Ce processus s'appelle l'Adaptation de domaine non supervisée (UDA). L'objectif est de faire en sorte qu'un modèle entraîné sur un ensemble d'images médicales fonctionne bien sur un autre ensemble, offrant une manière plus pratique d'utiliser l'IA en imagerie médicale.

Qu'est-ce que l'UDA ?

L'adaptation de domaine non supervisée est une stratégie utilisée pour aider les modèles à apprendre à partir d'images qui n'ont pas été étiquetées. L'idée principale est de prendre des modèles entraînés sur un type de données, souvent appelé domaine source, et de les adapter pour qu'ils puissent bien fonctionner sur un autre type de données, connu sous le nom de domaine cible. Par exemple, si un modèle est entraîné sur des images d'un type d'IRM, il peut être ajusté pour fonctionner aussi sur des images d'un autre type d'IRM sans avoir besoin de nouvelles données étiquetées.
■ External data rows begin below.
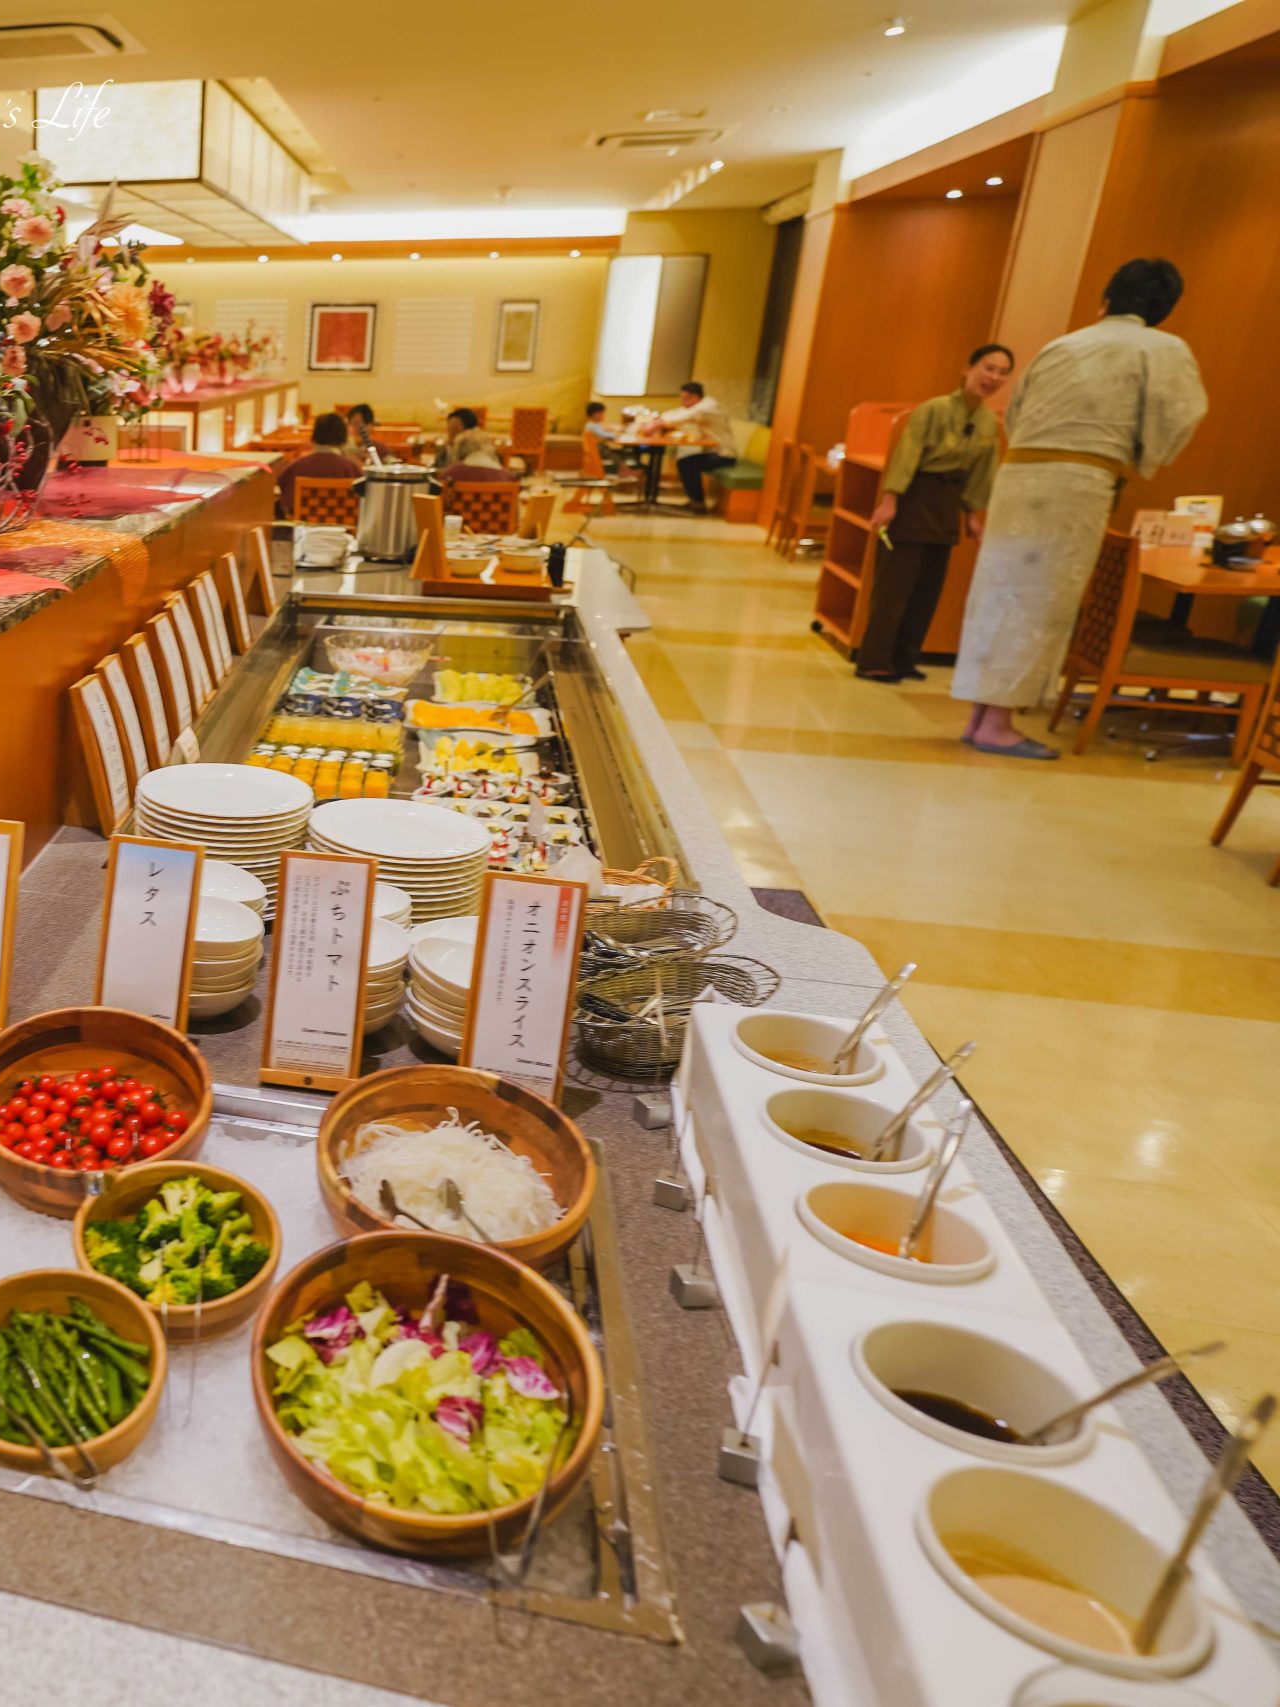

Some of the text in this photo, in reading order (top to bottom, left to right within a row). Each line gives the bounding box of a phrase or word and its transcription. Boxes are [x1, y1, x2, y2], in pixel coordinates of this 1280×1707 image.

[136, 862, 164, 927] レタス
[507, 901, 542, 1049] オニオンスライス
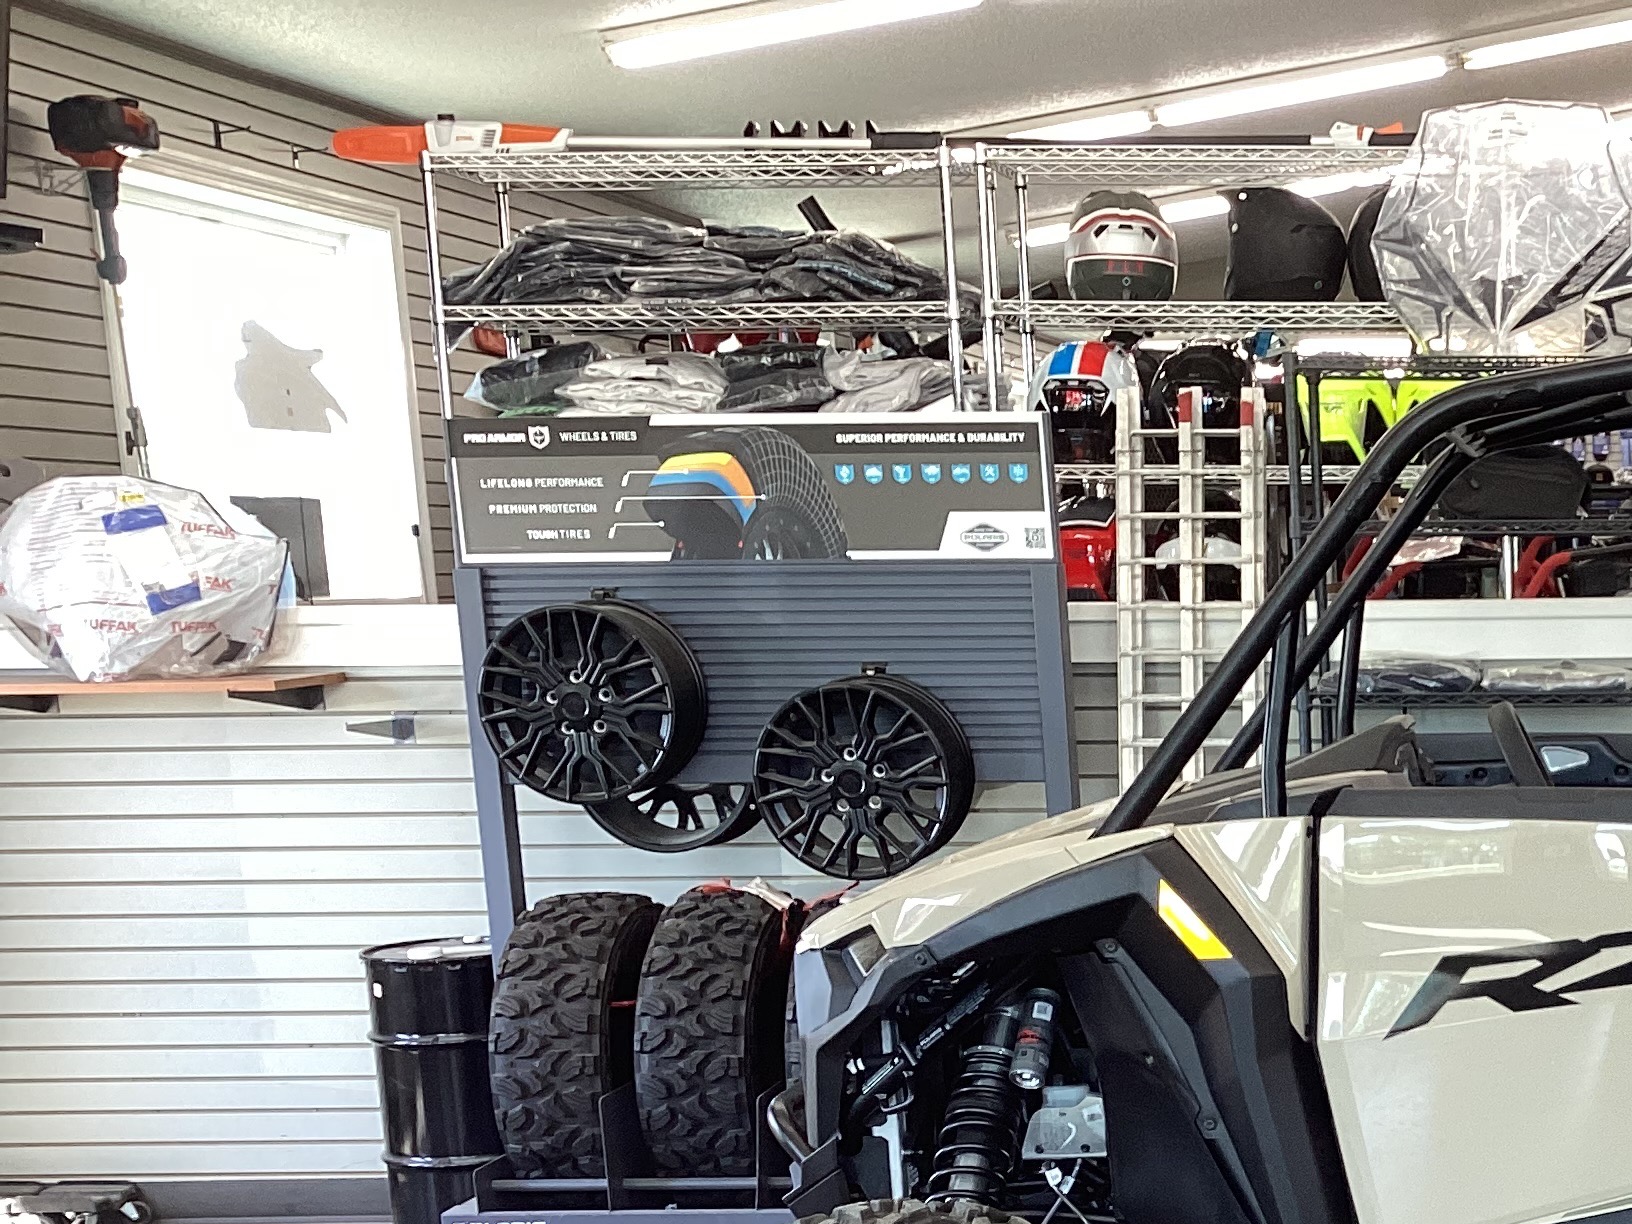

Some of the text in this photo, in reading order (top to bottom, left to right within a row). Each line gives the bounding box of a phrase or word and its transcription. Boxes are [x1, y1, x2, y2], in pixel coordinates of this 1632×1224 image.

[559, 430, 638, 442] WHEELS & TIRES
[835, 431, 1026, 444] SUPERIOR PERFORMANCE & DURABILITY
[480, 476, 604, 489] LIFELONG PERFORMANCE
[488, 502, 598, 515] PREMIUM PROTECTION
[180, 521, 237, 540] TUFFAK
[526, 529, 591, 540] TOUGH TIRES
[88, 618, 138, 632] UFFAK
Importance en imagerie médicale

En imagerie médicale, différentes modalités d'imagerie offrent diverses vues et détails de l'anatomie. Par exemple, une tomodensitométrie (CT) et une IRM peuvent toutes les deux donner des informations sur le même organe mais peuvent mettre en avant différents aspects. Adapter un modèle entraîné sur un type d'imagerie à un autre peut aider les médecins et les chercheurs à obtenir des informations plus fiables de leurs analyses, améliorant ainsi les résultats pour les patients.

Défis actuels

Les méthodes UDA existantes reposent souvent sur l'alignement des images ou des caractéristiques entre les domaines source et cible. Cependant, plusieurs défis persistent :

  1. Écart de domaine : Différentes modalités d'imagerie peuvent avoir des différences significatives, rendant difficile la généralisation des modèles.
  2. Labels bruités : Lorsqu'on utilise des pseudo-labels générés à partir d'images sources, ces labels peuvent parfois être incorrects, entraînant de mauvais résultats d'entraînement.
  3. Charge computationnelle : Beaucoup de méthodes UDA sont gourmandes en ressources en raison de la nécessité de générer et de traiter plusieurs images.

Méthode proposée

La méthode proposée introduit une nouvelle approche de l'UDA en utilisant des pseudo-labels filtrés. Elle vise à améliorer la performance des modèles sur les images cibles en générant des pseudo-labels de haute qualité et en utilisant efficacement des images étiquetées du domaine source.

Étape 1 : Augmentation des données

Pour booster les données d'entraînement, nous traduisons d'abord des images étiquetées du domaine source en un nouvel ensemble d'entraînement qui comprend à la fois des images de pseudo-domaine source et de pseudo-domaine cible. Cette étape est cruciale car elle offre plus de variété et aide le modèle à apprendre à gérer les différences entre les deux domaines.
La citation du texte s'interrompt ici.